Home

Centrale Raad van Beroep, 03-06-2004, AP1760, 02/6391 AW

Centrale Raad van Beroep, 03-06-2004, AP1760, 02/6391 AW

Gegevens

Instantie
Centrale Raad van Beroep
Datum uitspraak
3 juni 2004
Datum publicatie
16 juni 2004
Annotator
ECLI
ECLI:NL:CRVB:2004:AP1760
Zaaknummer
02/6391 AW

Inhoudsindicatie

Is afdelingshoofd werkzaam bij een penitentiaire inrichting terecht met toepassing van artikel 98 ARAR eervol ontslag verleend wegens ongeschiktheid en onbekwaamheid voor genoemde functie?

Uitspraak

02/6391 AW

U I T S P R A A K

in het geding tussen:

[appellant], wonende te [woonplaats], appellant,

en

de Minister van Justitie, gedaagde.

I. ONTSTAAN EN LOOP VAN HET GEDING

Namens appellant is op de daartoe bij aanvullend beroepschrift aangevoerde gronden hoger beroep ingesteld tegen de uitspraak van de rechtbank 's-Hertogenbosch van 1 november 2002, nr. AWB 01/3098, waarnaar hierbij wordt verwezen.

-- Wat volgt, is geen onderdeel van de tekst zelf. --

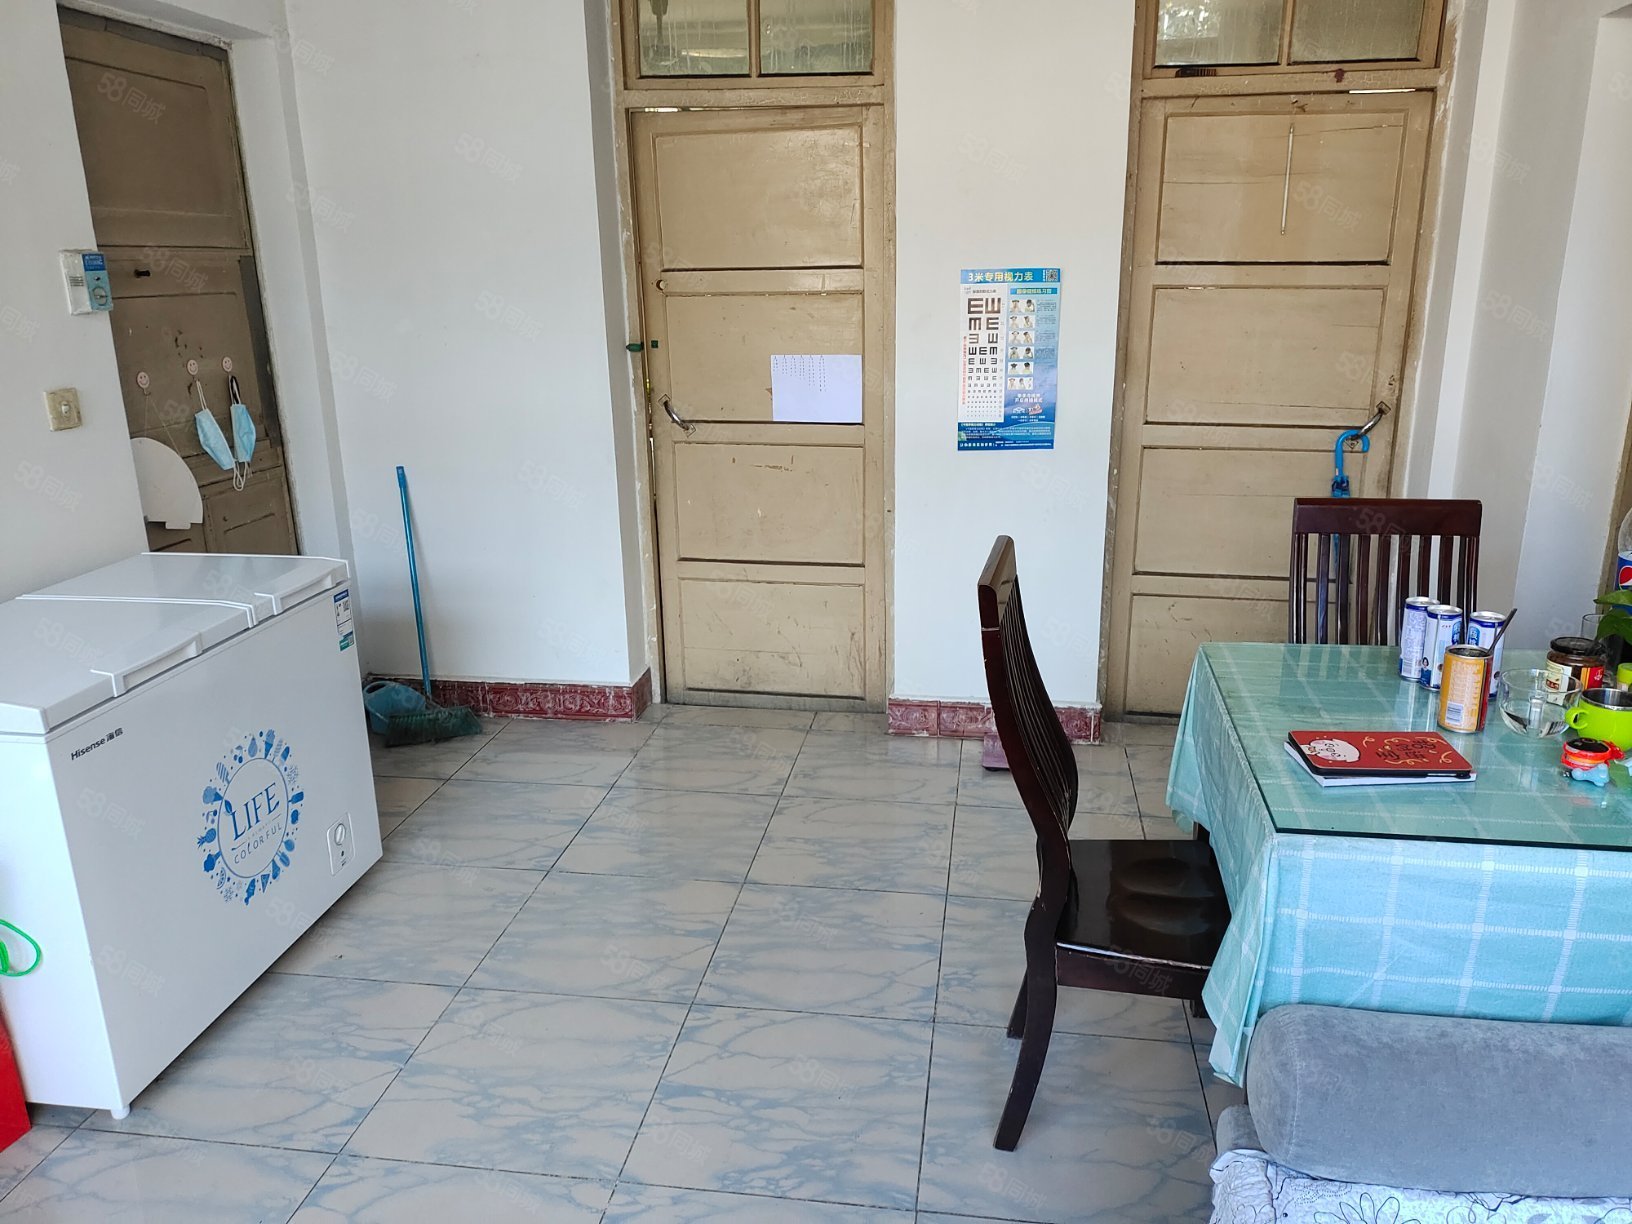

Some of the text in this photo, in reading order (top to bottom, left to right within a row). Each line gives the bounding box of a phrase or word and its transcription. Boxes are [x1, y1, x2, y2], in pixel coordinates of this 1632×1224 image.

[968, 272, 1034, 282] 3米专用视力表
[71, 738, 105, 760] Hisense
[230, 783, 279, 841] LIFE
[234, 822, 282, 864] COLORFUL

Namens gedaagde is een verweerschrift ingediend.

Het geding is behandeld ter zitting van 29 april 2004, waar appellant in persoon is verschenen, bijgestaan door mr. M.M.C. van de Ven, advocaat te Boxmeer. Gedaagde heeft zich laten vertegenwoordigen door mr. J. Lamme, juridisch adviseur, en K. Poll en G.W.J. Wienhoven, beiden werkzaam bij het Ministerie van Justitie.

II. MOTIVERING

1. Voor een uitgebreidere weergave van de in dit geding van belang zijnde feiten en omstandigheden wordt verwezen naar de aangevallen uitspraak. De Raad volstaat met het volgende.

1.1. Appellant was laatstelijk werkzaam als afdelingshoofd bij de penitentiaire inrichtingen [vestigingsplaats].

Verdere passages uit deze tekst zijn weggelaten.